I have mystified family affairs, but if I say I had ten cousins when I had but six, or that one aunt’s house was in Surrey instead of Kent, or in Lancashire, it breaks the clue and cannot matter to the reader. But my doings with man and woman are as true as gospel. If I say that I saw, or did, that with a cousin, male or female, it was with a cousin and no mere acquaintance; if with a servant, it was with a servant; if with a casual acquaintance, it is equally true. Nor if I say I had that woman, and did this or that with her, or felt or did aught else with a man, is there a word of untruth, excepting as to the place at which the incidents occurred. But even those are mostly correctly given; this is intended to be a true history, and not a lie.

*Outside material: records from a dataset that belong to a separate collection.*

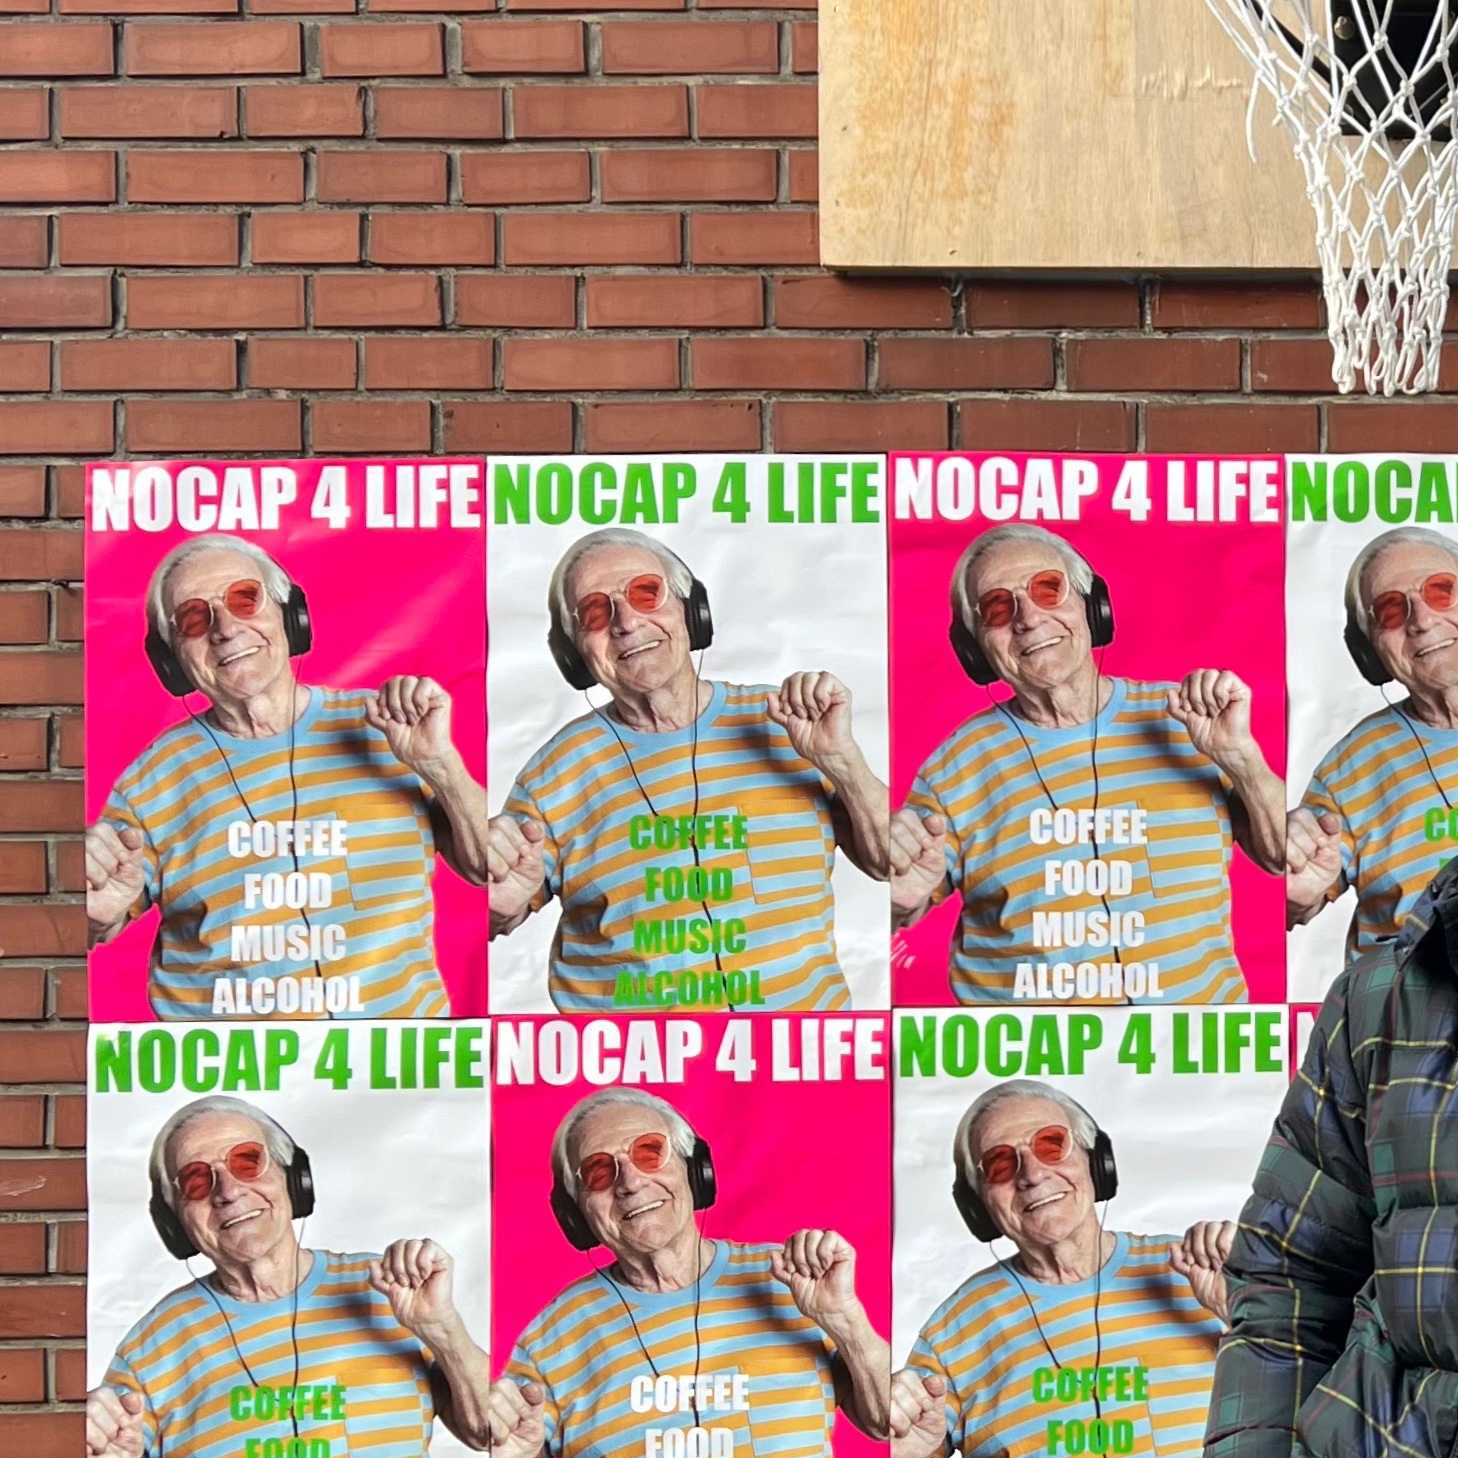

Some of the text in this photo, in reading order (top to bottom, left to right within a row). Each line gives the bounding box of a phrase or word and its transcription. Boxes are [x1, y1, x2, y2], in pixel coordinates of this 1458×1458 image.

[92, 465, 481, 532] NOCAP 4 LIFE
[494, 462, 880, 525] NOCAP 4 LIFE
[895, 458, 1279, 522] NOCAP 4 LIFE
[228, 820, 347, 857] COFFEE
[629, 815, 748, 851] COFFEE
[1029, 808, 1148, 844] COFFEE
[244, 872, 332, 909] FOOD
[645, 866, 733, 903] FOOD
[1044, 860, 1132, 897] FOOD
[230, 924, 347, 962] MUSIC
[632, 918, 746, 955] MUSIC
[1032, 911, 1145, 947] MUSIC
[211, 976, 365, 1015] ALCOHOL
[613, 970, 765, 1006] ALCOHOL
[1013, 961, 1163, 999] ALCOHOL
[95, 1028, 484, 1094] NOCAP 4 LIFE
[497, 1018, 884, 1086] NOCAP 4 LIFE
[899, 1015, 1103, 1078] NOCAP
[1118, 1013, 1157, 1075] 4
[1172, 1012, 1283, 1073] LIFE
[630, 1374, 750, 1412] COFFEE
[1032, 1366, 1149, 1402] COFFEE
[229, 1385, 346, 1421] COFFEE
[1047, 1418, 1133, 1455] FOOD

Some years have passed away since I penned the foregoing, and it is not printed. I have since gone through abnormal phases of amatory life, have done and seen things, had tastes and letches which years ago I thought were the dreams of erotic mad-men; these are all described, the manuscript has grown into unmanageable bulk; shall it, can it, be printed? What will be said or thought of me, what became of the manuscript if found when I am dead? Better to destroy the whole, it has fulfilled its purpose in amusing me, now let it go to the flames!